Sous des volées d’insultes, il fut conduit, les mains liées, en présence du Dey, qui le menaça de la torture et de la mort, s’il ne révélait pas les détails du complot. Cervantes répéta obstinément que lui seul était responsable de tout. Enfin le Dey, comprenant l’inutilité de toutes ses menaces, le fit enfermer dans un cachot, où il le retint au secret pendant plus de cinq mois. Mais Cervantes n’en réussit pas moins à dépécher à Oran un messager, avec une lettre pour le commandant de la garnison espagnole. Il demandait que des agens confidentiels fussent mandés à Alger pour l’aider à s’enfuir avec trois autres captifs. Son messager fut arrêté aux portes d’Oran, et ramené devant le Dey, qui, en découvrant la lettre, condamna ce malheureux lui-même à être empalé, et Cervantes à recevoir deux mille coups de bâton.
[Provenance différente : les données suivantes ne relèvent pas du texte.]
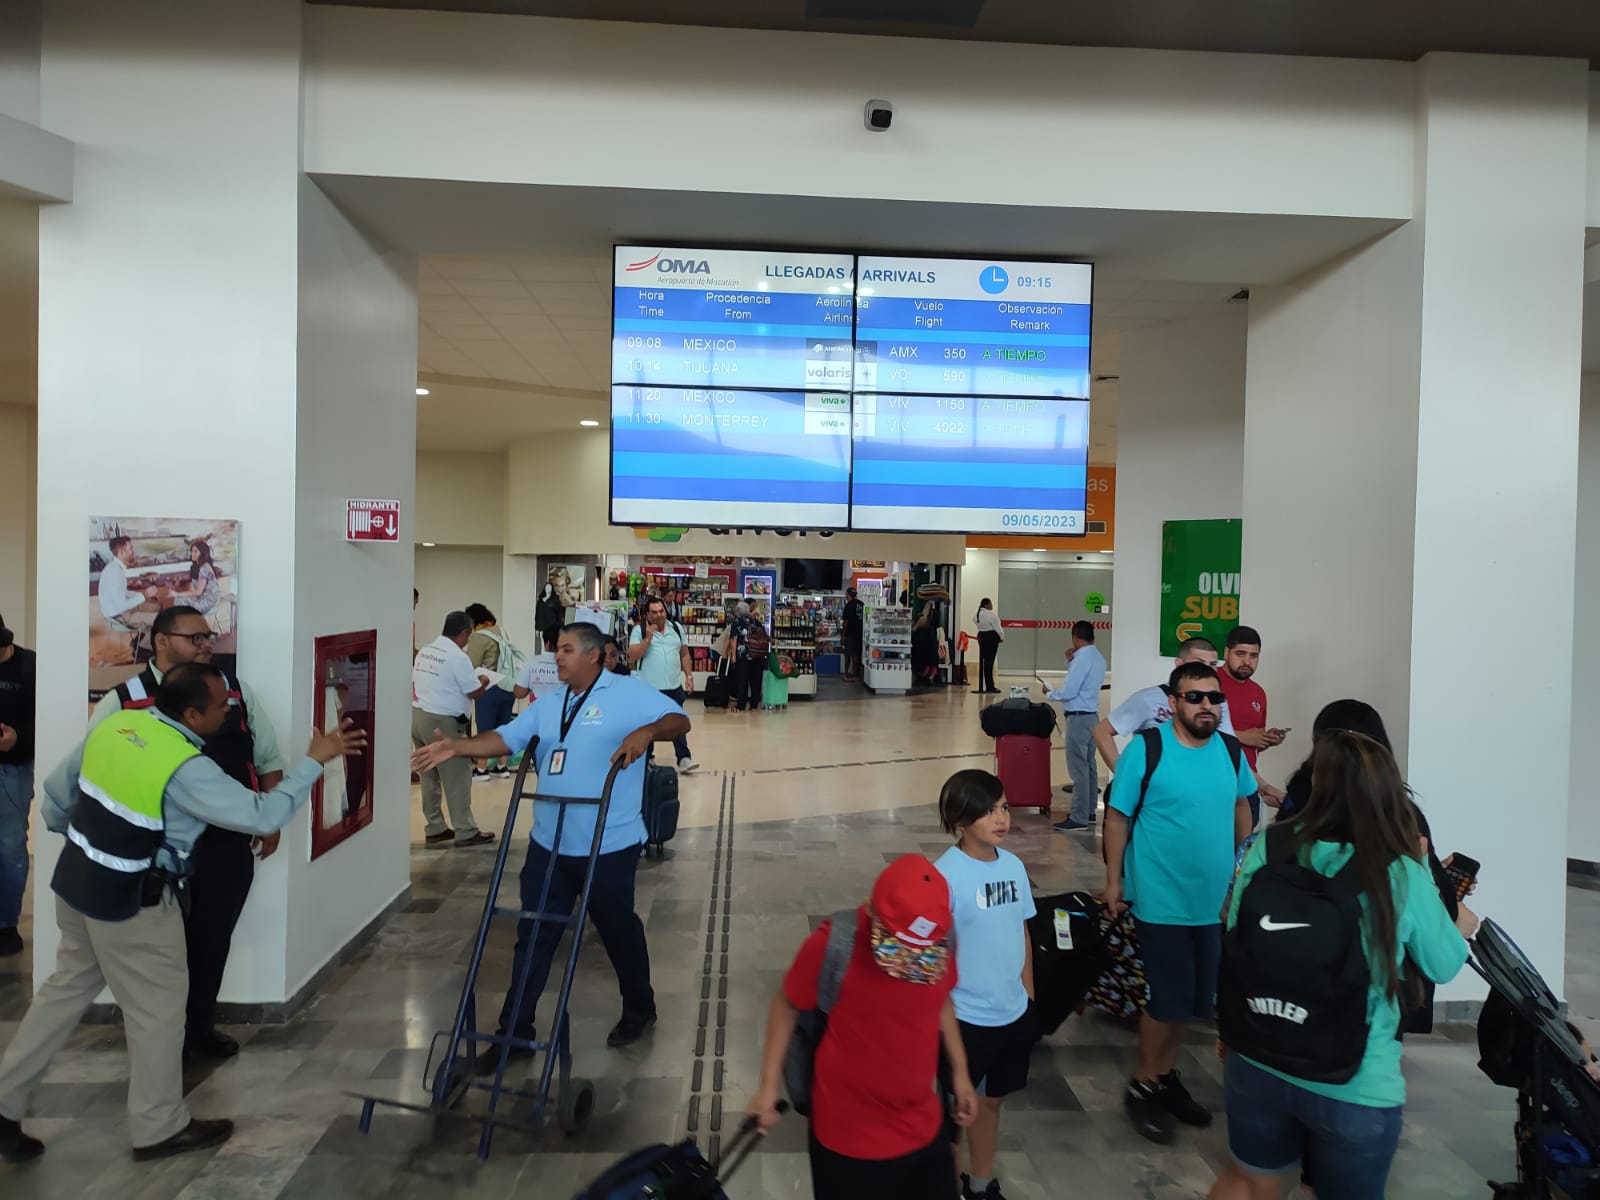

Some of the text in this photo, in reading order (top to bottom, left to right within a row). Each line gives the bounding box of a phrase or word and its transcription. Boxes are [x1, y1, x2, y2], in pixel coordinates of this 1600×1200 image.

[657, 259, 710, 273] OMA
[765, 265, 845, 279] LLEGADAS
[862, 269, 936, 283] ARRIVALS
[1017, 276, 1052, 288] 09:15
[639, 290, 665, 301] Hora
[706, 292, 771, 305] Procedencia
[915, 301, 944, 312] Vuelo
[639, 306, 664, 317] Time
[725, 309, 752, 320] From
[915, 316, 943, 328] Flight
[1010, 320, 1050, 331] Remark
[627, 336, 662, 348] 09:08
[683, 338, 737, 351] MEXICO
[889, 346, 919, 358] AMX
[944, 348, 967, 359] 350
[982, 349, 992, 359] A
[995, 349, 1047, 361] TIEMPO
[807, 366, 852, 378] volaris
[682, 391, 736, 404] MEXICO
[888, 396, 910, 409] VIV
[936, 399, 965, 410] 1150
[681, 414, 769, 428] MONTERREY
[350, 500, 397, 510] HIDRANTE
[1002, 514, 1076, 528] 09/05/2023
[1180, 595, 1238, 620] SUB
[985, 880, 1019, 908] NIKE
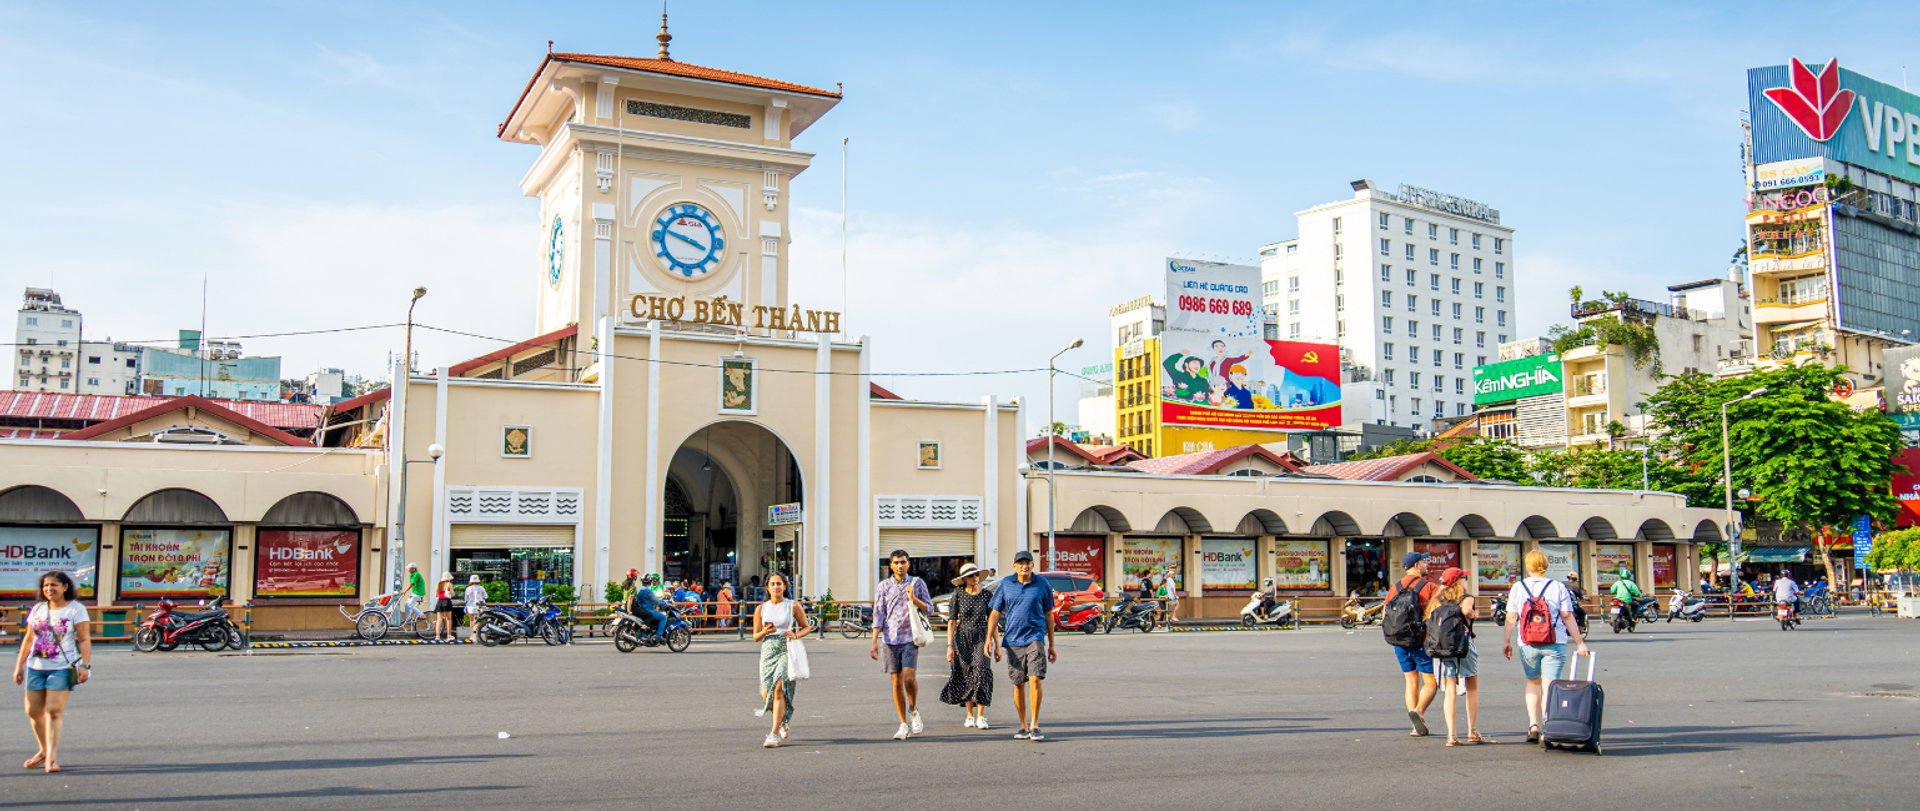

Puis une année s’écoule, pendant laquelle nous apprenons seulement que Cervantes, acheté maintenant par le Dey à son premier maître, s’est employé de toutes ses forces à faire remettre en liberté un saint moine espagnol retenu comme otage. Mais voici que, en septembre 1579, il parvient à attendrir le cœur d’un autre renégat, l’ex-licencié Giron, éveille chez lui le regret de son ancienne foi et de son ancienne patrie, le décide à faire l’acquisition d’une frégate armée sur laquelle se réfugieront soixante des principaux prisonniers de la ville ! De nouveau l’entreprise est sur le point de réussir, lorsque l’un de ces prisonniers que Cervantes a voulu délivrer, un certain Blanco de Paz, qui se fait passer pour commissaire de l’Inquisition, le dénonce au Dey.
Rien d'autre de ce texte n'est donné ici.